What would settle it
An explicit epigraph function that meets contact, strict continuation, reflected Neumann compatibility, growth, the trace condition, and measure-superharmonicity yet whose first entry time fails to achieve the value of the stopping problem.
read the original abstract
We study an obliquely reflected optimal stopping problem in the nonnegative quadrant with nonsmooth max-type payoff \(G(x)=x_1\vee\alpha x_2\), and we develop a measure-valued potential-theoretic formulation of the associated obstacle problem. The kink of \(G\) on the diagonal \(x_1=\alpha x_2\) produces a singular surface measure in the distributional generator, while the oblique reflection directions generate boundary local-time contributions on the coordinate faces. Together with the absolutely continuous stopping gain, these terms define a total signed stopping measure \(\Gtot\). We derive the corresponding reflected It\^{o}--Tanaka identity, prove a killed-resolvent representation of the value function in the continuation region, and show that the unrestricted reflected resolvent is generally incorrect because the process is not absorbed on the stopping set. The free boundary is formulated through a continuation-side trace condition for the killed potential. Under a vertical monotonicity hypothesis on \(V-G\), the stopping set is shown to have an epigraph form. We finally prove a verification theorem: any admissible epigraph candidate satisfying contact, strict continuation, reflected Neumann compatibility, growth, the trace condition, and measure-superharmonicity coincides with the value function, and its first entry time is optimal.
Editorial analysis
A structured set of objections, weighed in public.
Referee Report
Summary. The manuscript develops a measure-valued potential-theoretic formulation for an obliquely reflected optimal stopping problem in the nonnegative quadrant with nonsmooth max-type payoff G(x)=x1∨αx2. It derives a reflected Itô-Tanaka identity, establishes a killed-resolvent representation of the value function in the continuation region (noting that the unrestricted reflected resolvent is generally incorrect), formulates the free boundary via a continuation-side trace condition, invokes a vertical monotonicity hypothesis on V-G to conclude that the stopping set has an epigraph form, and proves a verification theorem: any admissible epigraph candidate satisfying contact, strict continuation, reflected Neumann compatibility, growth, the trace condition, and measure-superharmonicity coincides with the value function, with its first entry time optimal.

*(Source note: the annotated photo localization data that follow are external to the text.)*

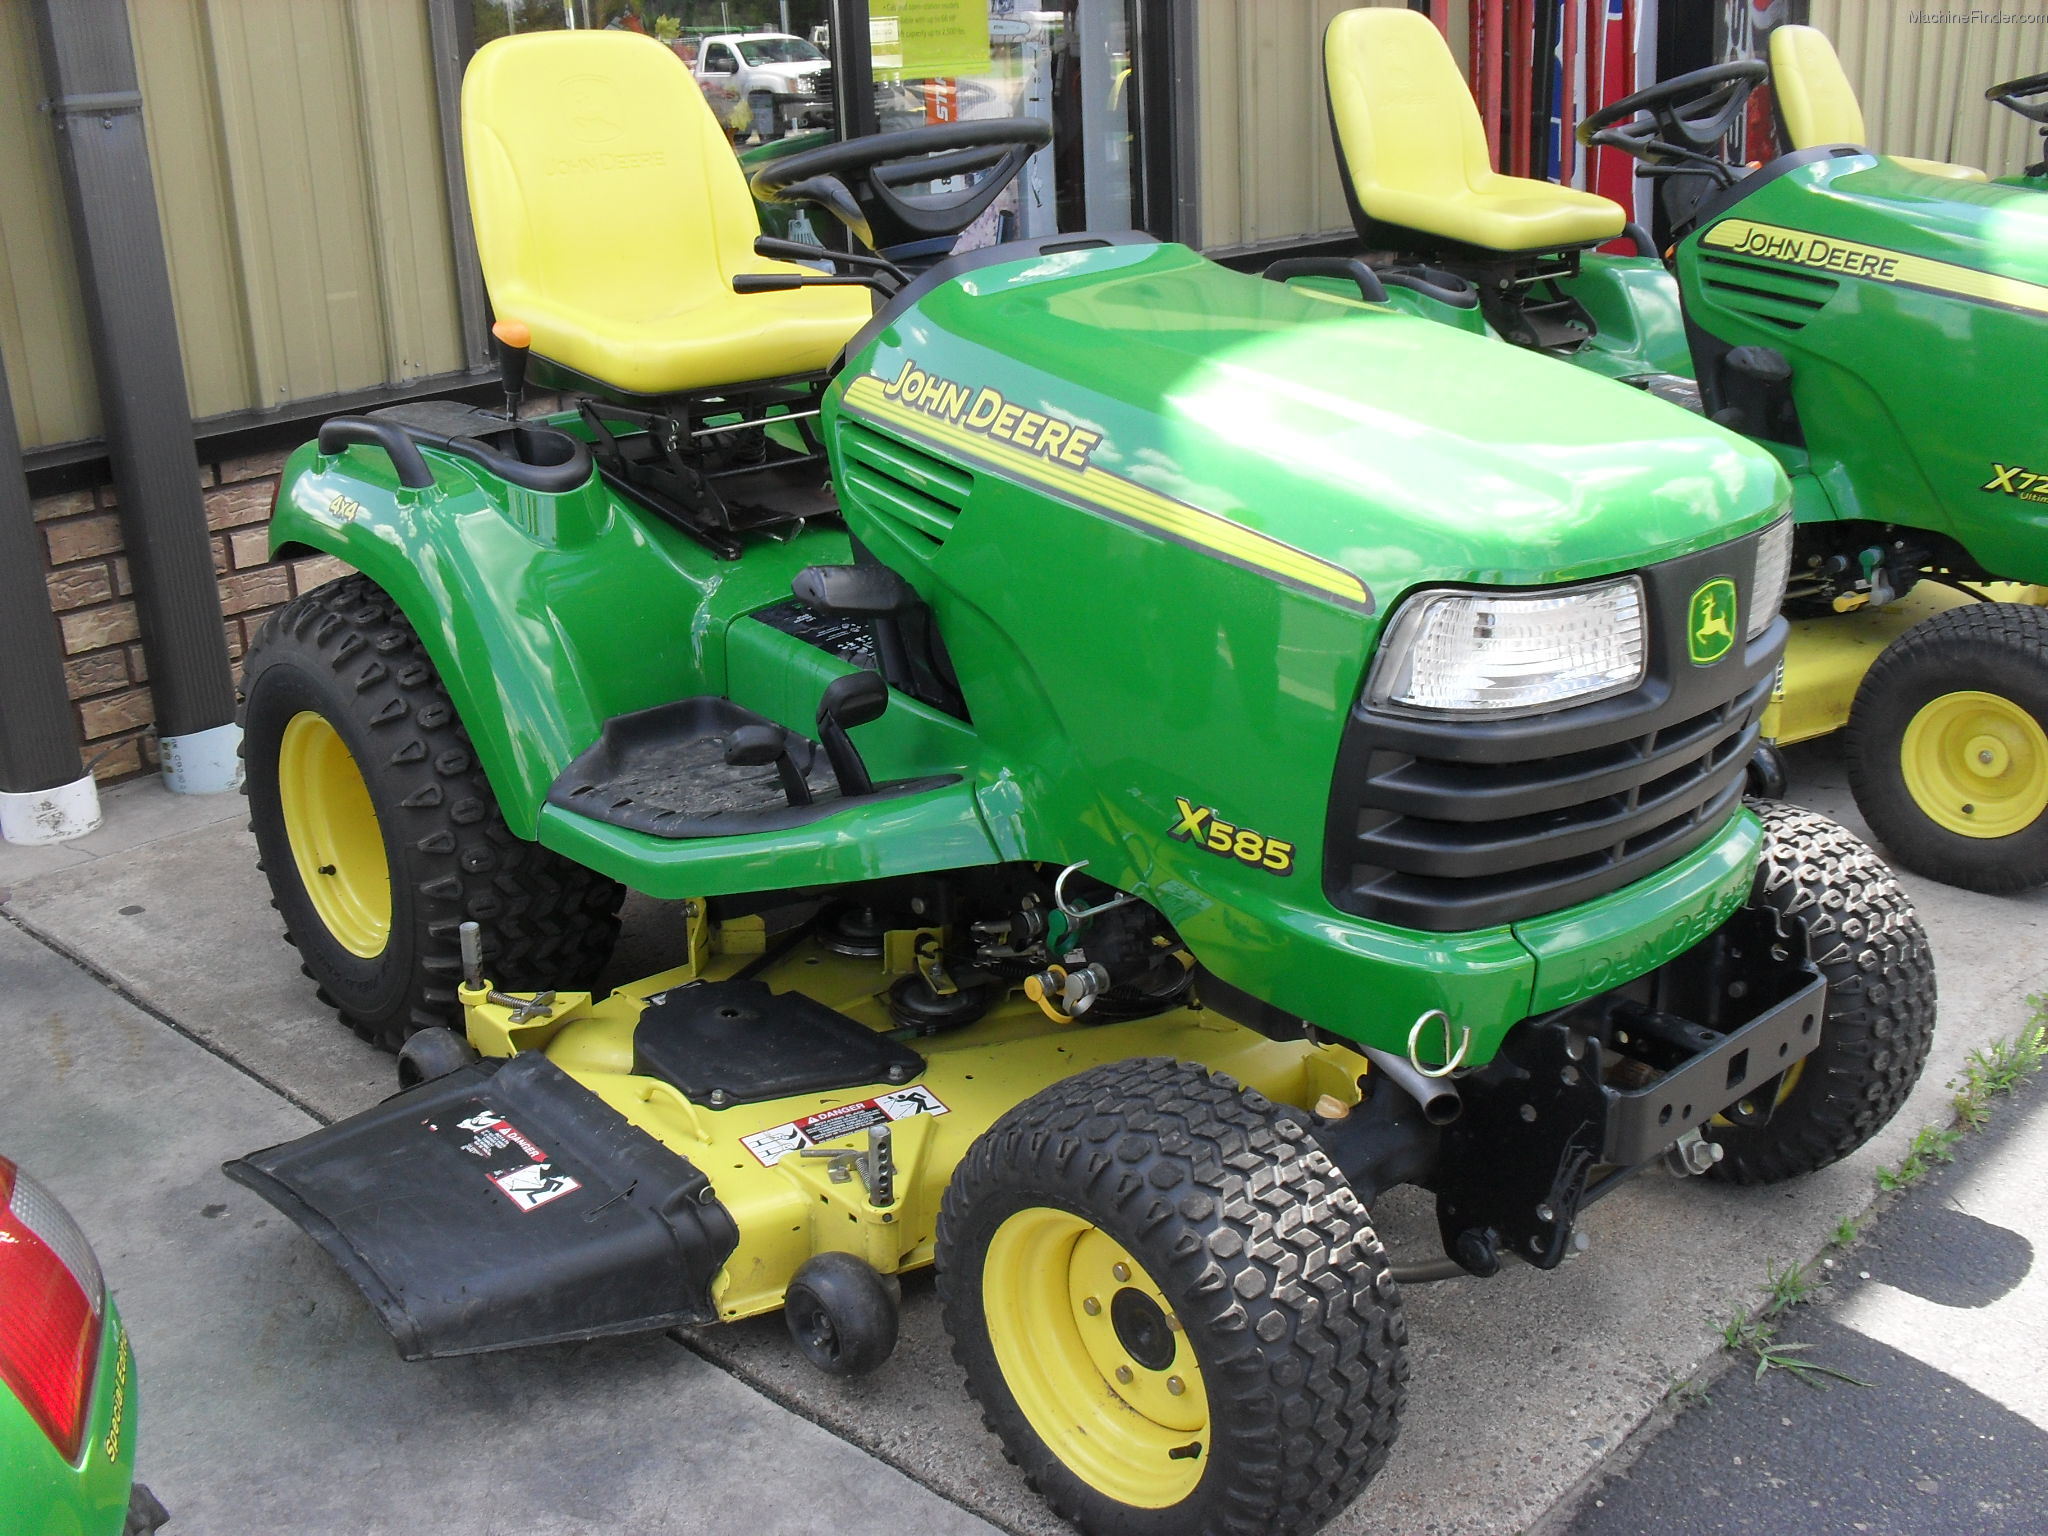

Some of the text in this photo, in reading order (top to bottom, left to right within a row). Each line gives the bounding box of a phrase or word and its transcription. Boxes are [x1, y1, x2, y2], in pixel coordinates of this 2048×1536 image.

[1734, 228, 1899, 278] JOHN DEERE
[884, 360, 1101, 471] JOHN DEERE
[1168, 797, 1295, 875] X585
[817, 1101, 866, 1122] DANGER
[507, 1131, 541, 1159] DANGER
[105, 1377, 124, 1464] Special

Significance. If the results hold, the work supplies a rigorous framework for optimal stopping problems whose payoffs induce singular surface measures and whose dynamics involve oblique reflections generating boundary local-time terms. The killed-resolvent representation and verification theorem provide concrete tools for characterizing the value function without direct solution of the obstacle PDE, and the total signed stopping measure Gtot unifies the absolutely continuous, singular, and boundary contributions.
major comments (2)
- [Abstract / free-boundary formulation] Abstract and free-boundary section: the vertical monotonicity hypothesis on V-G is assumed (rather than derived) in order to conclude that the stopping set has an epigraph form. This hypothesis is load-bearing for the verification theorem, because the theorem only characterizes epigraph candidates; without a proof that the actual value function satisfies the hypothesis, it is not guaranteed that the value function lies among the admissible epigraph candidates to which the theorem applies.

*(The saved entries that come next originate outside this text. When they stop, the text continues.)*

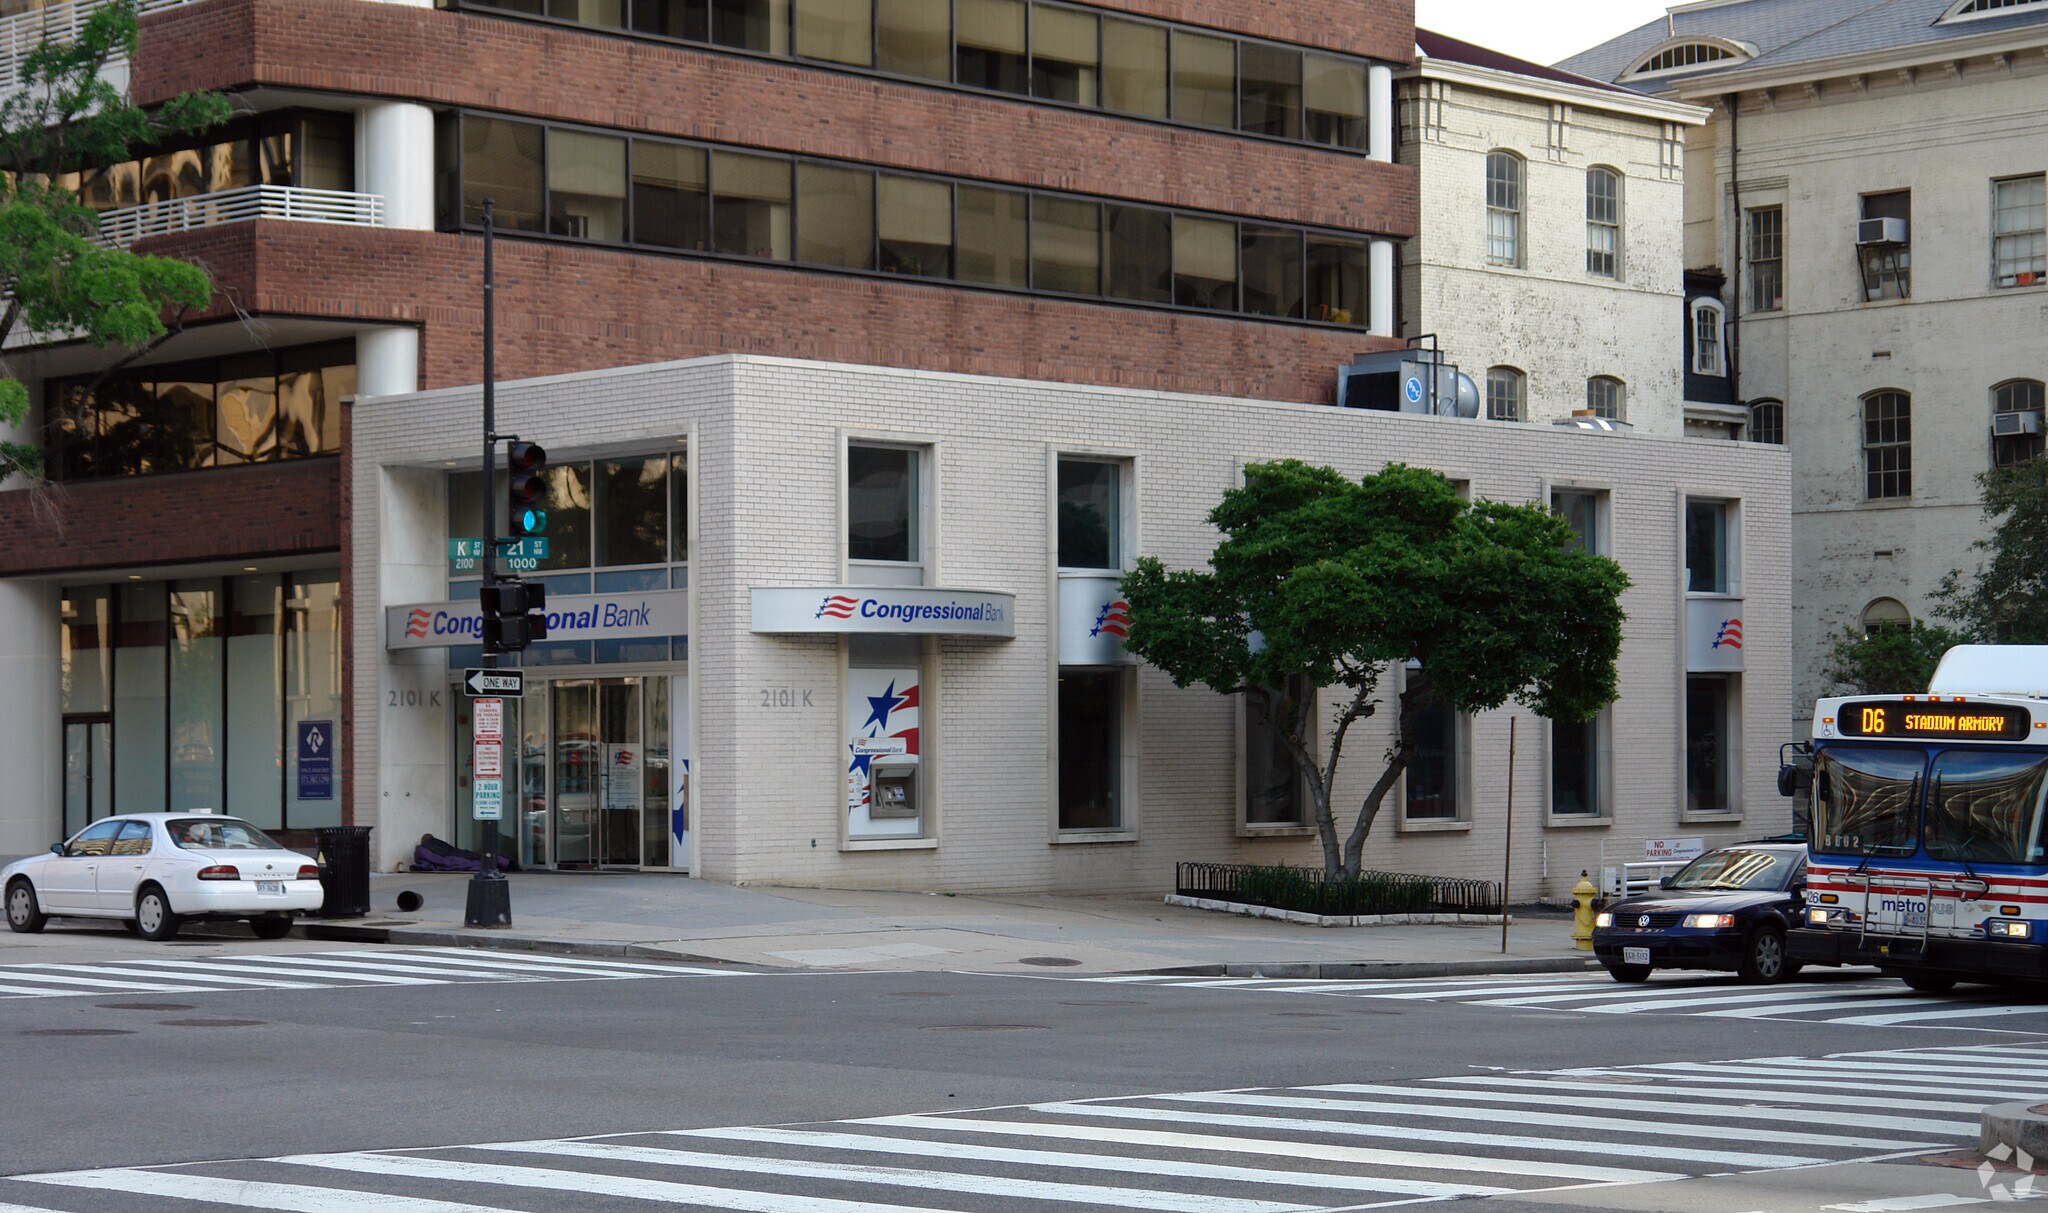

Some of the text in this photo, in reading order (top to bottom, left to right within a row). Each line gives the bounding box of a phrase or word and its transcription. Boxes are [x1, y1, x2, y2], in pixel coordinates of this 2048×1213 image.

[457, 541, 466, 556] K
[506, 540, 524, 555] 21
[456, 558, 474, 569] 2100
[508, 558, 537, 568] 1000
[602, 602, 651, 628] Bank
[861, 599, 1004, 623] Congressional Bank
[484, 678, 517, 688] ONE WAY
[388, 690, 442, 707] 2101 K
[761, 689, 814, 707] 2101 K
[1862, 708, 2004, 733] D6 STADIUM ARMORY

- [Killed-resolvent representation] Killed-resolvent representation paragraph: the claim that the unrestricted reflected resolvent is incorrect because the process is not absorbed on the stopping set is central to the representation, yet the manuscript provides no explicit comparison (e.g., via an equation showing the difference between the killed and unrestricted resolvents) or counter-example illustrating the absorption failure under oblique reflection.
minor comments (1)
- [Measure-valued formulation] The components of the total signed stopping measure Gtot (absolutely continuous stopping gain, singular surface measure from the kink of G, and boundary local-time terms) should be written out explicitly with their respective supports.
Simulated Author's Rebuttal
We thank the referee for the careful reading and constructive comments. Below we respond point by point to the major comments.
read point-by-point responses
-
Referee: [Abstract / free-boundary formulation] Abstract and free-boundary section: the vertical monotonicity hypothesis on V-G is assumed (rather than derived) in order to conclude that the stopping set has an epigraph form. This hypothesis is load-bearing for the verification theorem, because the theorem only characterizes epigraph candidates; without a proof that the actual value function satisfies the hypothesis, it is not guaranteed that the value function lies among the admissible epigraph candidates to which the theorem applies.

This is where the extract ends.